**TASK OBJECTIVE:** Copy the entries that appear below in full, leaving out any picture among them.

Stored data entries
<<<<

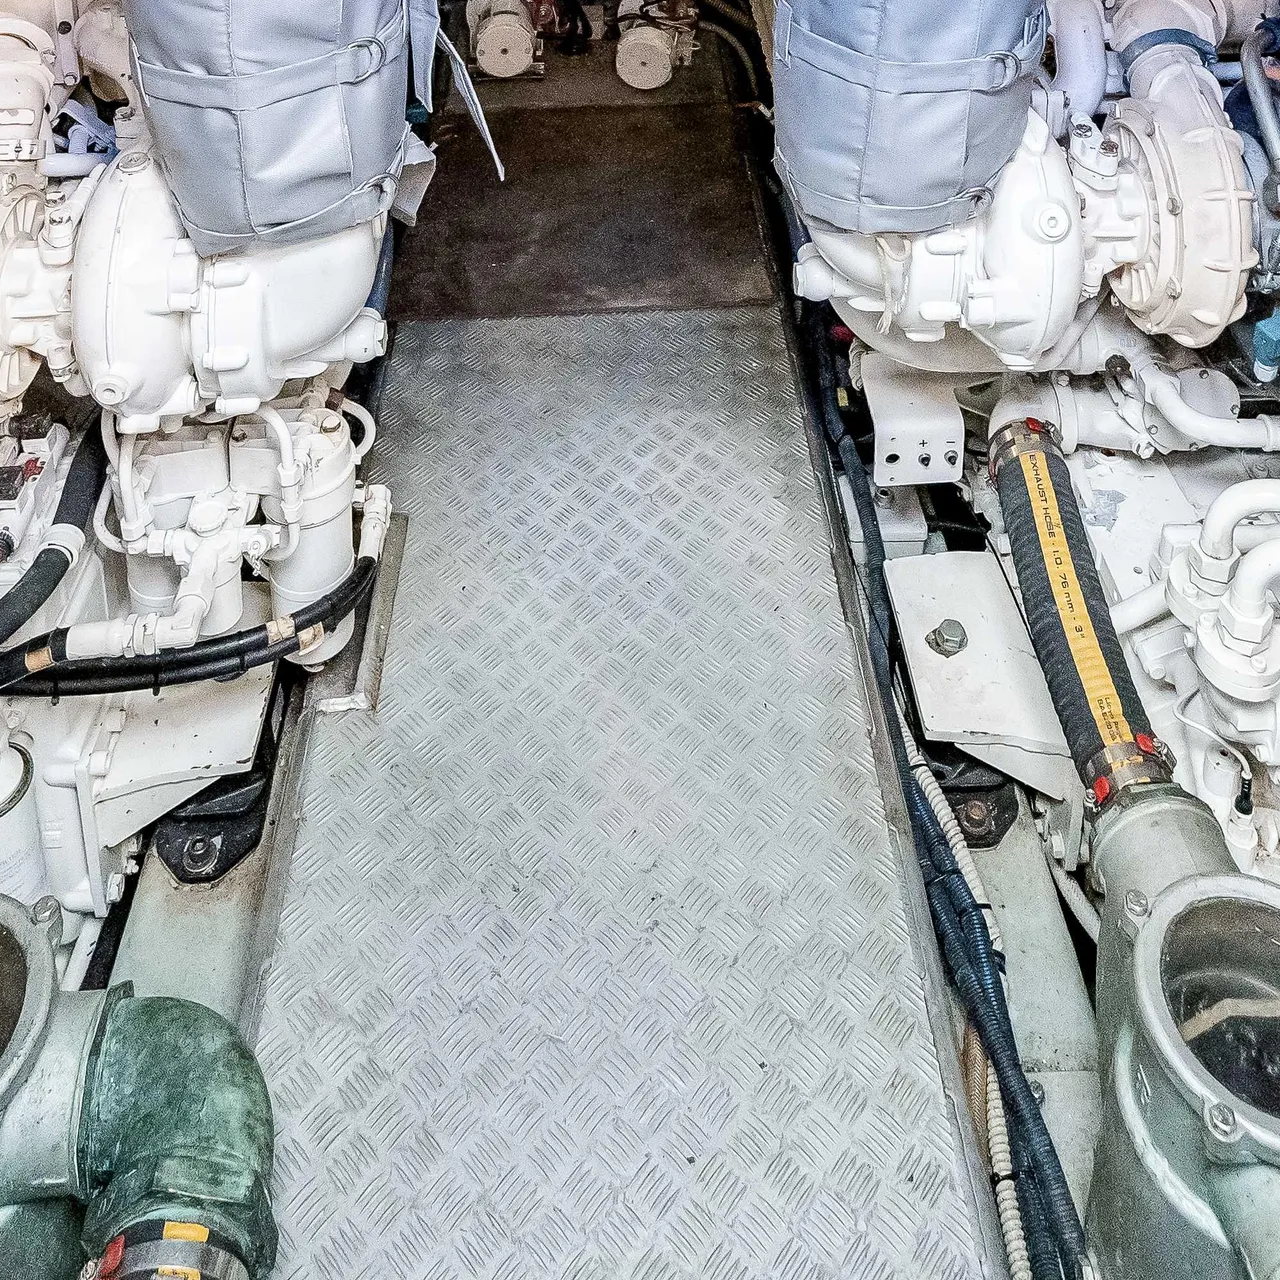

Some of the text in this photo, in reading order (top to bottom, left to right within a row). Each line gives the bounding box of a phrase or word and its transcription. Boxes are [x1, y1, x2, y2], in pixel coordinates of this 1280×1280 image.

[1029, 454, 1048, 504] EXHAUST
[1042, 507, 1056, 539] HOSE
[1059, 573, 1069, 589] 76
[1064, 592, 1075, 614] mm
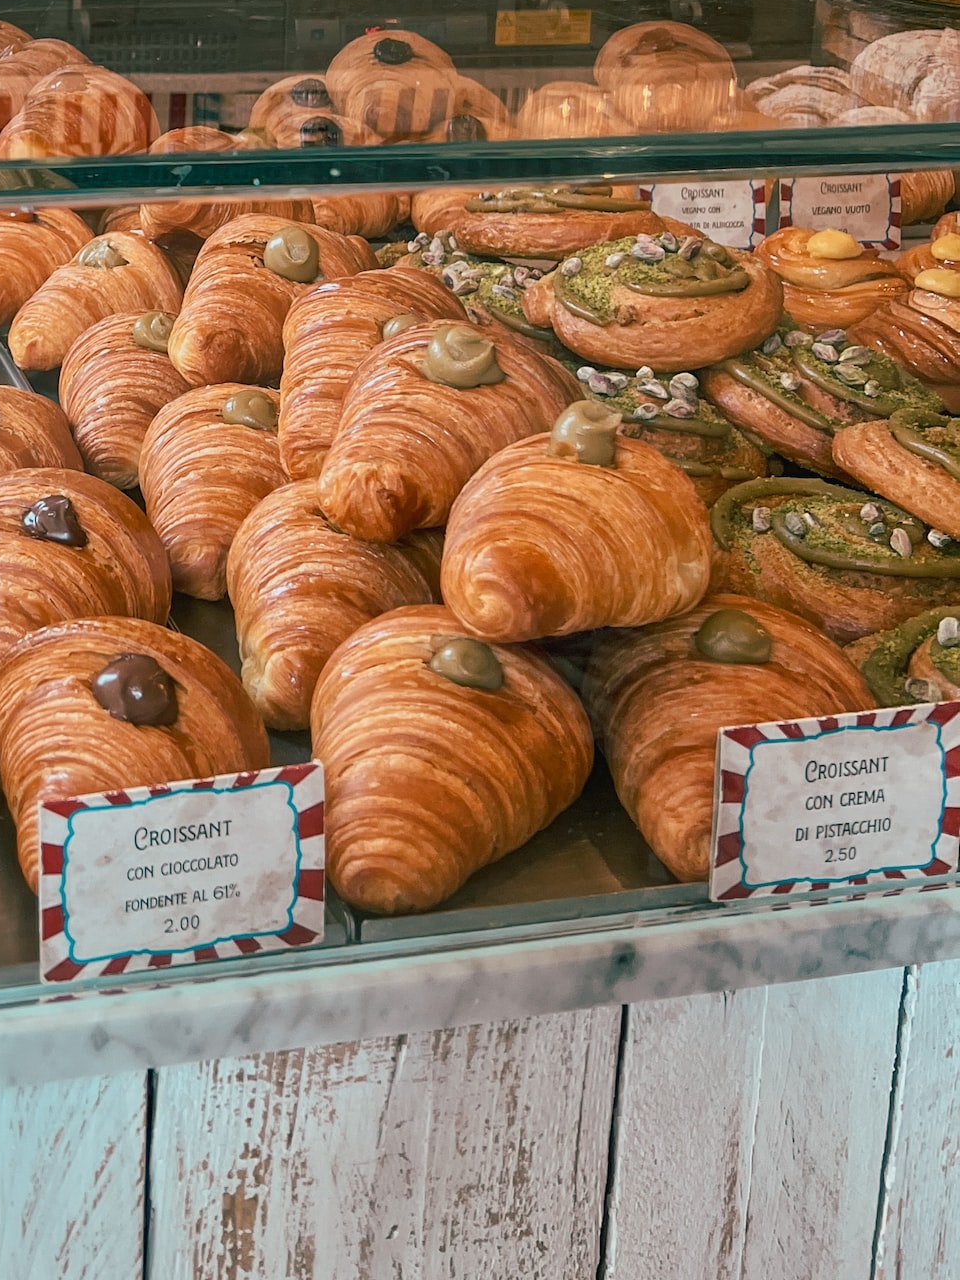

>>>>

**EXPECTED OUTPUT:**
Some of the text in this photo, in reading order (top to bottom, left to right within a row). Each line gives the bounding box of a phrase or word and its transcription. Boxes are [x1, y1, x2, y2], in pixel coordinates of this 1280×1280 image.

[1029, 454, 1048, 504] EXHAUST
[1042, 507, 1056, 539] HOSE
[1059, 573, 1069, 589] 76
[1064, 592, 1075, 614] mm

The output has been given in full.